Due to a shortage of judges and judicial resources, civil and family trails expected to last longer than two weeks will not be tried in Bergen County for the foreseeable future. The decision was made public in a letter sent to the state bar association on Monday by Bergen County Assignment Judge Peter E. Doyne. The county is allotted 36 judicial slots, but currently has 6 vacancies. That problem is only expected to grow, when three more judges set to retire from the bench in September.
When testifying before a State Assembly committee in May, Judge Doyne presented a preview of the effect of additional judicial vacancies in the vicinage. With six judicial vacancies, an auto accident lawsuit could take up to 15 months from filing to final resolution, Doyne said, according to The Record. But with nine unfilled seats, it could take up to 28 months, he warned the committee.
In his letter, Judge Doyne explained that his decision to suspend lengthy trials was done “reluctantly,” in recognition of an “obligation to attempt to ensure this vicinage addresses the matters of as many litigants as we can within a reasonable time period.”
Family court trials are expected to receive the heaviest blow, since family cases that make it to trial are often extremely contentious, involving significant sums of money and child custody issues.

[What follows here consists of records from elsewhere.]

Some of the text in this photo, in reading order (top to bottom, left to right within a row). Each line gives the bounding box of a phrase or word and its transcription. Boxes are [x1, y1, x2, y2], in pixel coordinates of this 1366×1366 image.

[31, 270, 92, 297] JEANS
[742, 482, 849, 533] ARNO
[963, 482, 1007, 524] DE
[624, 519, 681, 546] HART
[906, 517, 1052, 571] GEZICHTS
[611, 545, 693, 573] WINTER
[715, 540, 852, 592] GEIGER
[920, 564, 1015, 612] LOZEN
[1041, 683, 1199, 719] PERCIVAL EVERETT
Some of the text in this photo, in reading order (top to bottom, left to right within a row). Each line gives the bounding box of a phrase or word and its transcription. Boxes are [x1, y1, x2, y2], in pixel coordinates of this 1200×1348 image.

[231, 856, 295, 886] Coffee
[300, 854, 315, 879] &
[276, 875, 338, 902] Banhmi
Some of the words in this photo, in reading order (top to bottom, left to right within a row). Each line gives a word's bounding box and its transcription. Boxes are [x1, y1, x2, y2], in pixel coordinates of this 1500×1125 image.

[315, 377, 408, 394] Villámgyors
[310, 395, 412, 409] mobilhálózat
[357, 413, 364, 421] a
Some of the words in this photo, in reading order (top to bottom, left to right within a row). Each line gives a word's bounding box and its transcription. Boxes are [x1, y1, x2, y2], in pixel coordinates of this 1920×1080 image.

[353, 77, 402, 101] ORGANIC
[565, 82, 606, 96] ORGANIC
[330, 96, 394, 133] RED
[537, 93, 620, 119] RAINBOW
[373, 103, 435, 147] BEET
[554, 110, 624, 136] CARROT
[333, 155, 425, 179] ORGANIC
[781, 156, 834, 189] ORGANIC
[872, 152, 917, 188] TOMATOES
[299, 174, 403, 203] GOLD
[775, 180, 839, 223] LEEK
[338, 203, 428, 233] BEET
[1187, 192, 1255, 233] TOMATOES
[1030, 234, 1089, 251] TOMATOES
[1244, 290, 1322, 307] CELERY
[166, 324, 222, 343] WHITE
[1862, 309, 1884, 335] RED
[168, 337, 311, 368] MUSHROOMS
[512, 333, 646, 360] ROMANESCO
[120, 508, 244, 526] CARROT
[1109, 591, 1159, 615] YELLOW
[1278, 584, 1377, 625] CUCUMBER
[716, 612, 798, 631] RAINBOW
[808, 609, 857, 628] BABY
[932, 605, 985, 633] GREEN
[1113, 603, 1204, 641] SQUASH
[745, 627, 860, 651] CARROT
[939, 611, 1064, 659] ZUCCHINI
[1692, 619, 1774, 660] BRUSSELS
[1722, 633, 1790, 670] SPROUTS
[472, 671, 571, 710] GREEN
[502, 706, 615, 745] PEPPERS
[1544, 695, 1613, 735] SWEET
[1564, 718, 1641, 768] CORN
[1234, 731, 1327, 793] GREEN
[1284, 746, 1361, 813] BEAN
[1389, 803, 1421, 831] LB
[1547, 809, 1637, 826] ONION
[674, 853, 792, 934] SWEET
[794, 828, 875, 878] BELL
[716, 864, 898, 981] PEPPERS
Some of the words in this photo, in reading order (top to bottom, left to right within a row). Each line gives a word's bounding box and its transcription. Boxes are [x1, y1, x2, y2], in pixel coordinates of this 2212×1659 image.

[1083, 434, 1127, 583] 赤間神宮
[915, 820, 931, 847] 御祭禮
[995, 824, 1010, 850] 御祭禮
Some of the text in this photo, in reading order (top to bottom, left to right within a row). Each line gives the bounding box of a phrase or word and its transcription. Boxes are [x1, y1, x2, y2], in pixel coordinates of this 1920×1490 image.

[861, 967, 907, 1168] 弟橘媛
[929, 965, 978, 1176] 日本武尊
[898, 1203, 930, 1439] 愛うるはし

No division, however, will go unscathed. With only three full-time judges assigned to the criminal division, judges from the family and civil parts are expected to hear some criminal cases.
Due to political roadblocks between the State Senate and the Governor’s Office, there are judicial vacancies across the state – 60 in total. Essex County currently has the most vacancies, with 21. Given the current situation, there has been talk of reviving a deal to bring 8 judges to Essex.